Neue Analyse zeigt, dass 1% der Künstler 90% aller Musik-Streams generieren

Fotokredit: Lê Tân

Eine neue Studie hat ergeben, dass ein Prozent der Künstler 90 Prozent aller Musikströme generiert – die restlichen 99 Prozent der Schöpfer nur 10 Prozent der Stücke.

Das Analyseunternehmen Alpha Data hat kürzlich die aussagekräftige Statistik in einer Analyse der aktuellen Streaming-Landschaft veröffentlicht. Von den rund 1,6 Millionen Künstlern, die ihre Musik im letzten Jahr auf Streaming-Plattformen verfügbar gemacht haben, hat ungefähr ein Prozent – 16.000 Personen – 90 Prozent der Hörerspiele nach Alpha-Zahlen gesichert.

Und derselben Quelle zufolge beanspruchten die oberen 10 Prozent der Künstler (160.000) 99,4 Prozent der Musikströme und überließen 0,6 Prozent der Stücke 1,44 Millionen Mitgliedern der Musikgemeinschaft.

Das enorme Ungleichgewicht bei den gesamten Streams ist besonders bedeutsam, da Spotify und die anderen digitalen Musikplattformen von heute nur eine geringe Pro-Play-Kompensation bieten. Digital Music News hat aus einer Vielzahl von Künstlerauszahlungen die aktuelle Lizenzgebühr von Spotify berechnet, die für die meisten Musiker zwischen 0,003 und 0,005 US-Dollar pro Stream liegt. Außerdem kommen jeden Tag ungefähr 40.000 neue Tracks auf den Dienst, was den Wettbewerb innerhalb der oben genannten „unteren 99 Prozent“ um einen winzigen Teil des gesamten Hörens verstärkt.

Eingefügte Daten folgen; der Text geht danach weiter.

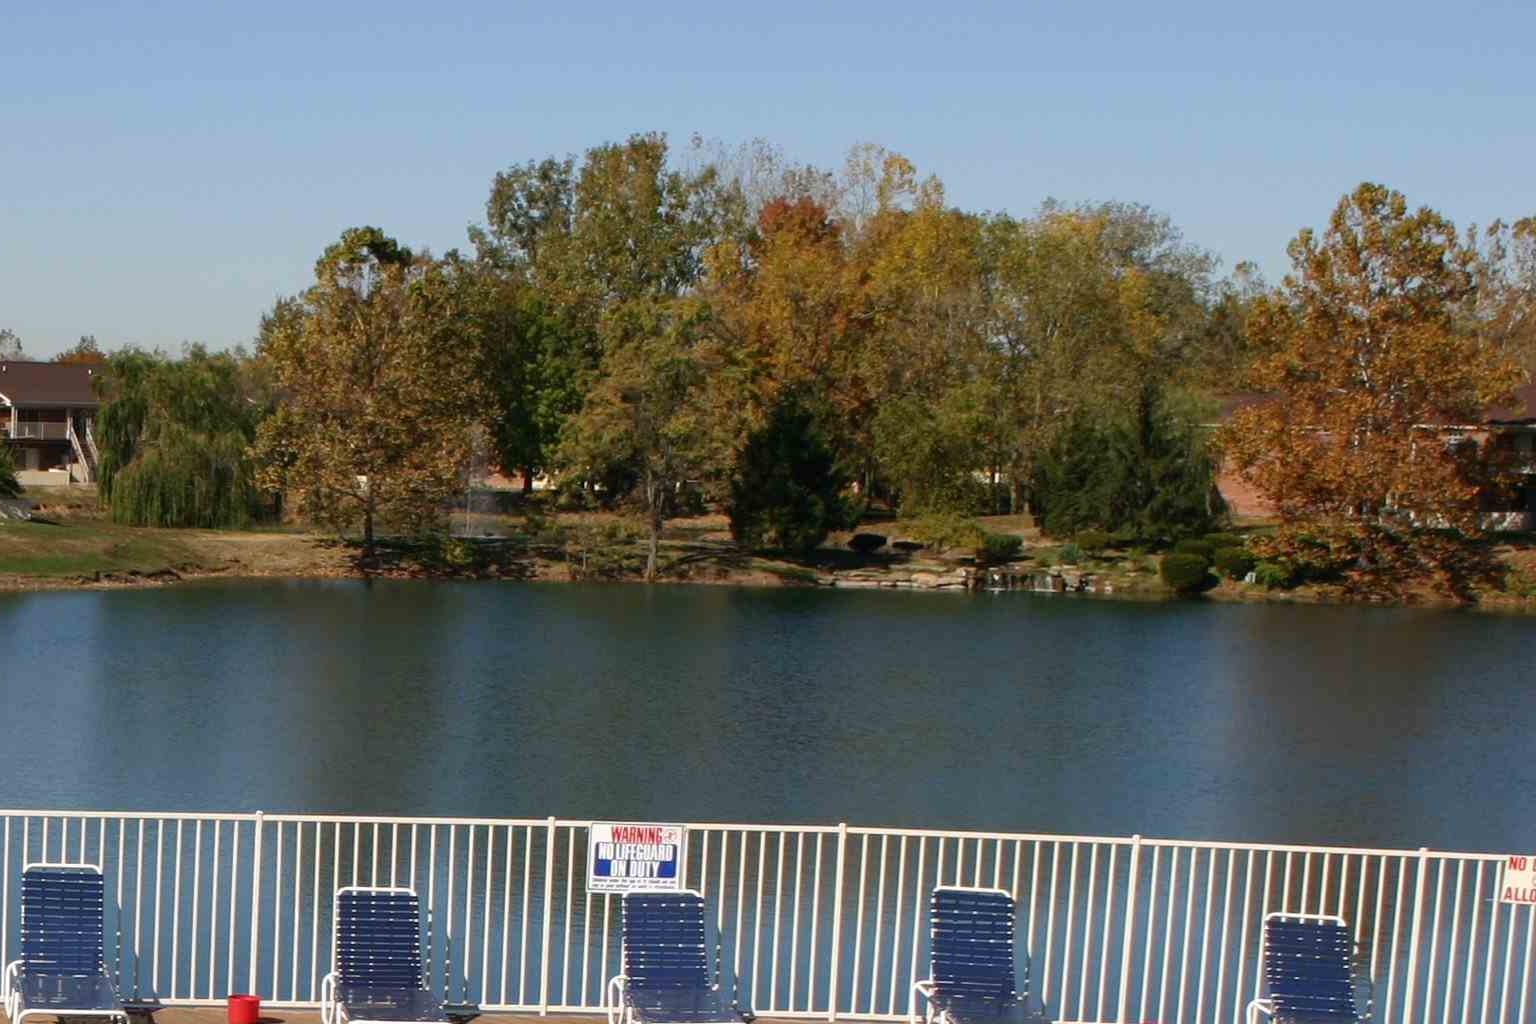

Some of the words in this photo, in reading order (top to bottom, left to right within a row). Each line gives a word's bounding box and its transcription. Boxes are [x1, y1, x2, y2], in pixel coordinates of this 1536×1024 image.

[611, 825, 663, 844] WARNING
[598, 842, 614, 860] NO
[615, 843, 674, 862] LIFEGUARD
[610, 860, 627, 877] ON
[629, 860, 661, 878] DUTY
[1509, 856, 1527, 871] NO

Auf der anderen Seite der Medaille unterstreicht die Statistik, wie viel das oberste Prozent der Künstler von ihren vorteilhaften Positionen profitieren kann. Zum diesjährigen Start gab Metallica – einst ein Spotify-Star – bekannt, dass seine Musik sage und schreibe eine Milliarde Mal gestreamt wurde. Mit dem oben genannten niedrigen Ende der Lizenzgebühr von Spotify hätten diese Spiele einen Scheck über 3 Millionen US-Dollar oder über 8.000 US-Dollar pro Woche seit der Ankunft des Gesetzes Ende 2012 bei Streaming-Diensten mit sich bringen können.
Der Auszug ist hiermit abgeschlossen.